Je sais que le terme de « contreparties » est discuté, voire contesté. Pour moi, il est juste. Le fait est, lui, indiscutable : cette libération a donné lieu à des négociations et elle n'a pu se conclure sans concessions à la Libye. À ce jour, les grandes lignes des contreparties accordées par l'Union européenne à la Libye semblent connues, le « mémorandum sur les relations entre la Libye et l'Union européenne », signé le 23 juillet 2007 à Tripoli par Benita Ferrero-Waldner et Abdelati Al-Obeidi, secrétaire d'État aux affaires européennes de Libye, ayant été rendu public par la présidence portugaise de l'Union. Cette volonté de transparence à l'échelle de l'Union n'a pas tout à fait trouvé son pendant à l'échelle nationale, et les contreparties accordées par la France à la Libye pour obtenir la libération des otages suscitent encore bien des interrogations. Je note toutefois, monsieur le ministre, que vous avez ouvert devant la représentation nationale des pistes à ce jour inédites.
Quelle est la nature de la coopération entre la France et la Libye dans le domaine nucléaire ? Le secrétaire général de l'Élysée, M. Claude Guéant, a évoqué le projet d'une nouvelle installation qui serait consacrée au dessalement de l'eau de mer pour la production d'eau potable, projet formalisé dans un « mémorandum d'entente sur la coopération dans le domaine des applications pacifiques de l'énergie nucléaire », et confié au constructeur français Areva. Dans la mesure où – c'est une litote – le régime libyen ne correspond pas exactement aux normes qui sont les nôtres en matière d'État de droit, nous devons être vigilants sur le contenu de cet accord et garantir sa conformité avec nos engagements dans le domaine de la non-prolifération nucléaire.
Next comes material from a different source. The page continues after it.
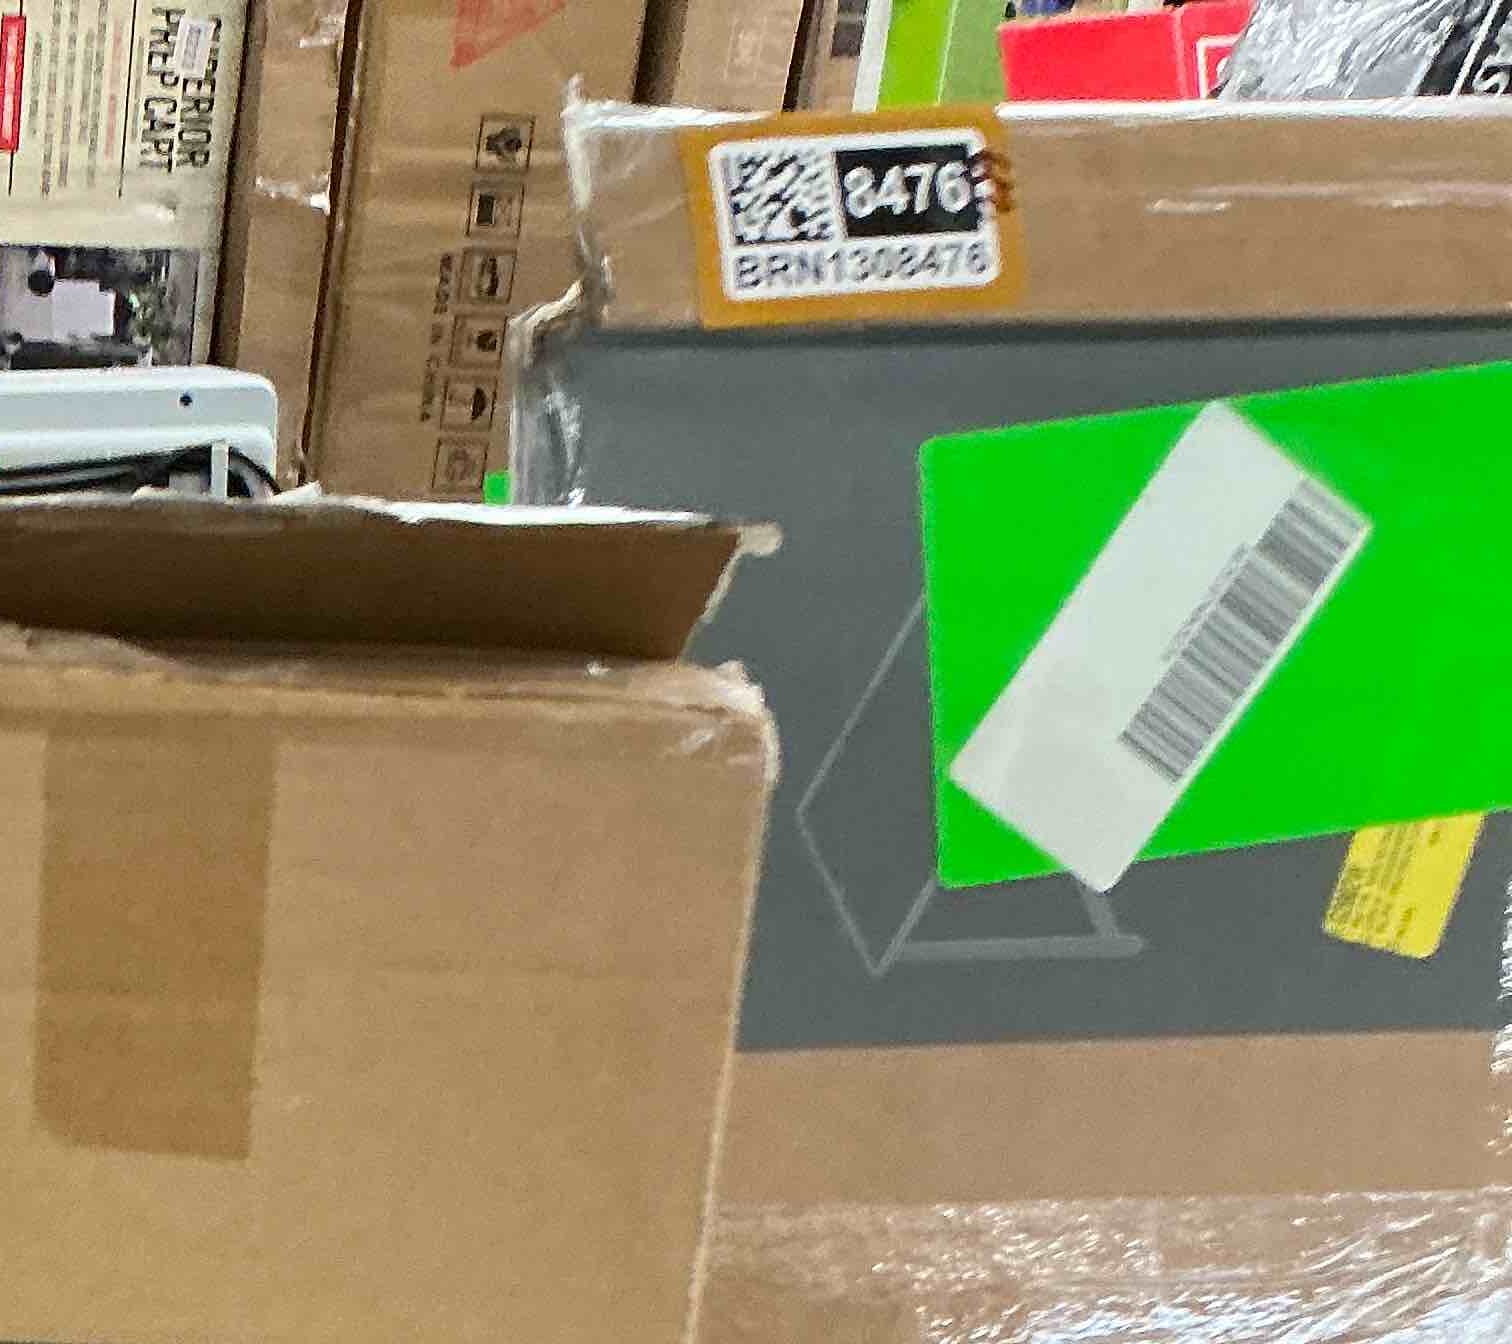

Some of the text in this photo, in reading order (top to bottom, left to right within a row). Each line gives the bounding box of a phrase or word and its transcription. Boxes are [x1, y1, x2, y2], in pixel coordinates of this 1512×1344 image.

En ce qui concerne l'accord de coopération dans le domaine de la défense et du partenariat industriel de défense entre la République française et la Grande Jamahiriya arabe libyenne populaire et socialiste, signé à Tripoli le 25 juillet 2007, le voile a été en partie levé sur cet accord avec la publication du décret, le 9 octobre, mais sa genèse reste à explorer – selon vous, elle avait commencé en 2004, et en 2006 pour le nucléaire – ainsi que son articulation avec la libération des infirmières et les perspectives en matière de défense.
La convocation d'une commission d'enquête parlementaire devrait aussi permettre d'en savoir plus sur les autres accords de coopération. Il lui faudra démêler, dans les contreparties accordées à la Libye, le commercial de l'humanitaire et l'industriel du médical.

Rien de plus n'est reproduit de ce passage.